Counting the cost


A flood disaster of epic scale in Queensland will have ramifications for public transport providers across Australia

Counting the cost
Counting the cost

By David Goeldner | January 18, 2011

Natural disasters can strike at any time – and when they do – public transport operators are often the first to pitch in and keep people moving as part of their unwritten duty to the community.

The recent Queensland floods demonstrated how public transport provision is seen as an essential service.

TransLink worked around the clock advising the community of travel conditions and providing alternatives to those caught up in the floods.

With an integrated network across all modes, buses were deployed where trains couldn’t run.

And that’s the advantage of a road network where buses are often the best mode of transport, and often the only practical mode to get from point A to B.

There were several disruptions to the network during the crisis. Rail services to outlying Brisbane and Ipswich suburbs were cut, and buses were used to negotiate the flood waters.

Situations like this are frustrating for commuters, but public transport providers are equally frustrated, and this will be felt for a considerable time after the floodwaters recede.

There will be two sides to the Queensland disaster impacting on bus operators in particular.

Given that 2011 was shaping as a year when the ‘big bus boom’ of 2009 and last year will be over, suppliers were already facing a downturn in business, and operators had reached a level of expansion unlikely to increase in the near future.

The aftermath of the Queensland floods will impact on public transport networks and the operator – and suppliers – who feed into those services.

The ramifications for public transport will be on a national scale.

Queensland Treasurer Ander Fraser is starting to count the cost, which he told reporters during the crisis will require Government appropriation in the Billions, not Millions, to fix the mess.

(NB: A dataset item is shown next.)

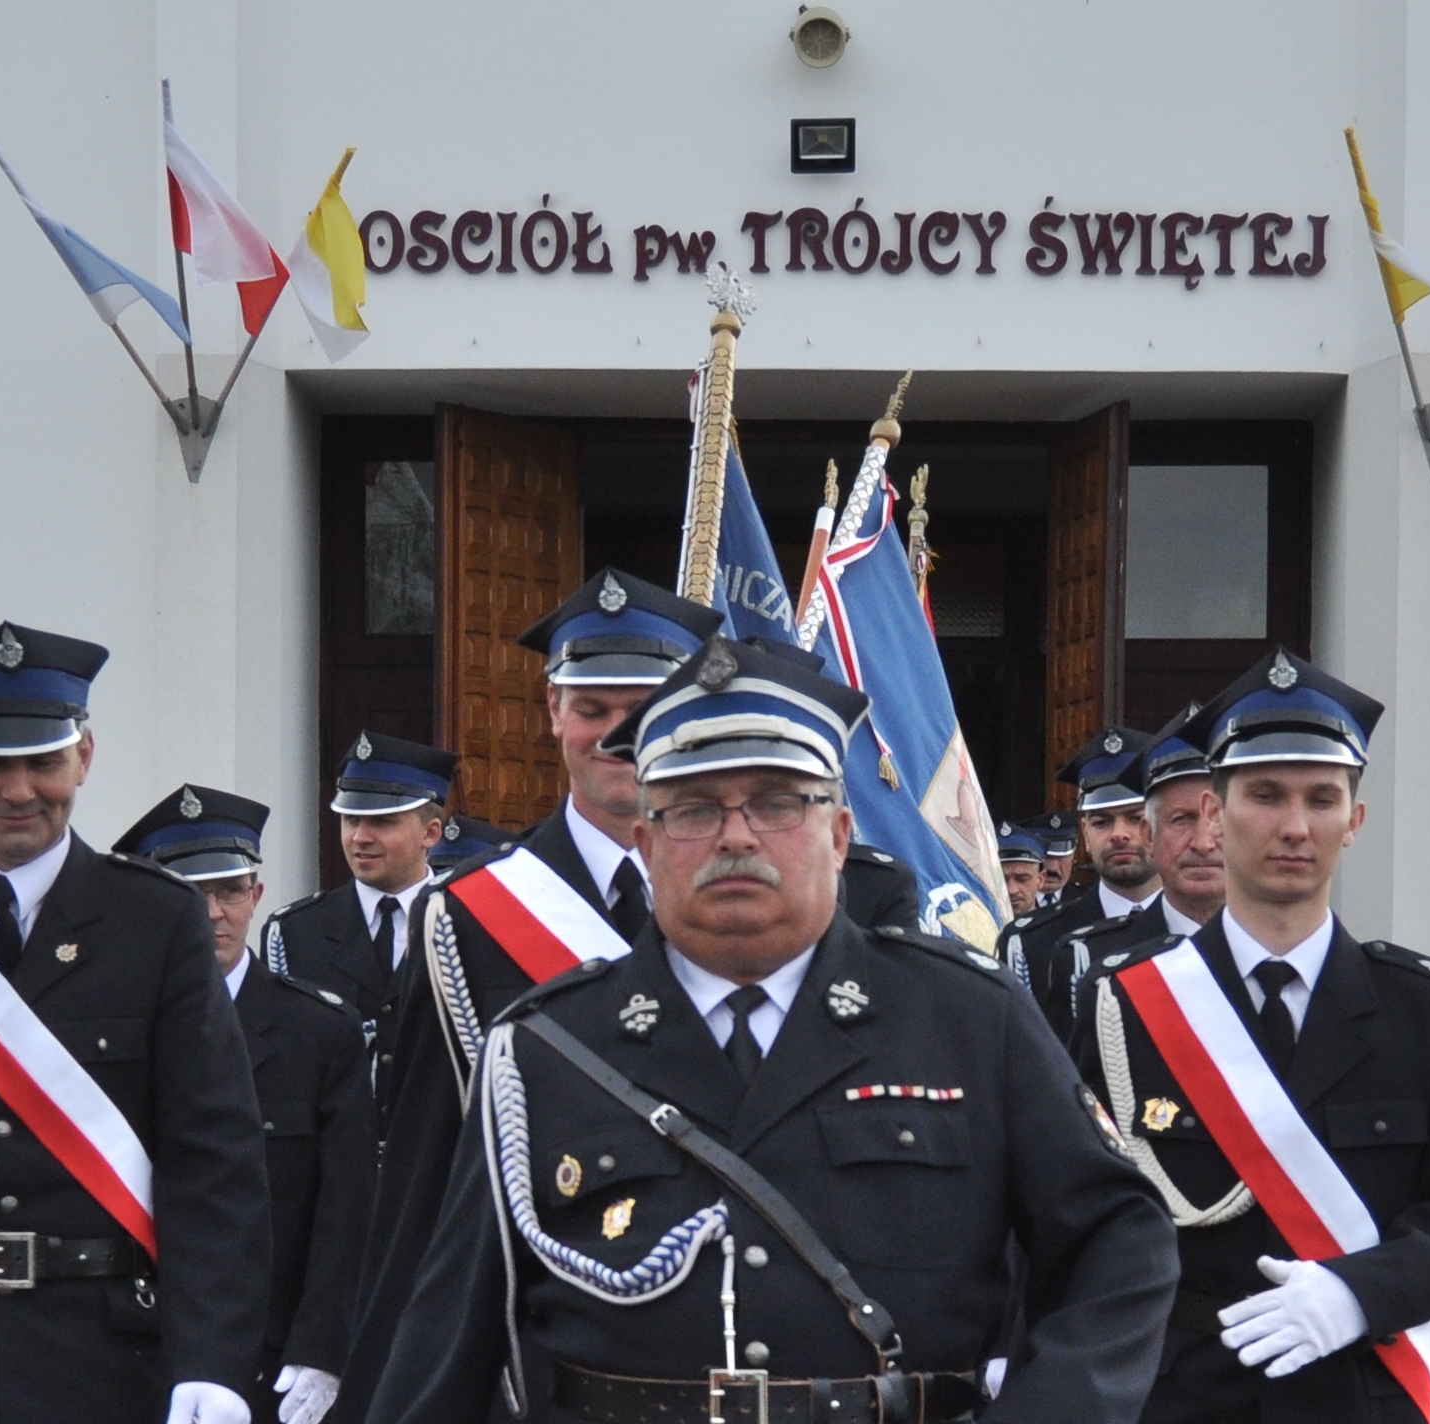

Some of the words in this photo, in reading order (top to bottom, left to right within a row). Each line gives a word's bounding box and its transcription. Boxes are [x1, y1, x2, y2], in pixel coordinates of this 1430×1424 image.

Even with public transport creeping up the list of priority items for Government funding, the expectation of any near term expansion of public transport in Queensland will now certainly be on hold.

This will play out nationally in terms of projected Federal Government funding for public transport infrastructure, and as a consequence network expansion across major Australian cities.

The floods come at a time when Queensland was gearing up for its largest ever public transport infrastructure spend, in partnership with the Federal Government, with the Cross River Rail project.

It’s still too soon to get a measure of how this project will be affected by the flood crisis, but the likelihood of Cross River Rail being placed on hold is high.

The irony here – too – is that the engineering assessment for this rail project follows a path of alignment recently inundated by floodwaters from the burst Brisbane River.

The Federal Government will commit to repairing Queensland, and as a consequence the ‘moving forward’ style projects as advocated by the Bus Industry Confederation may be placed on hold indefinitely.

But the hard work done by BIC and others won’t be washed away completely by the floodwaters.

Public transport across Australia has started to develop a blueprint for the future, and that future will come – but not just now.

* Busnews was also affected by the flood after forced office closure in Brisbane – the headquarters of Busnews and ABC Magazine – but from today we are back up and running, bringing you the latest news and views from across Australia’s bus and coach industry.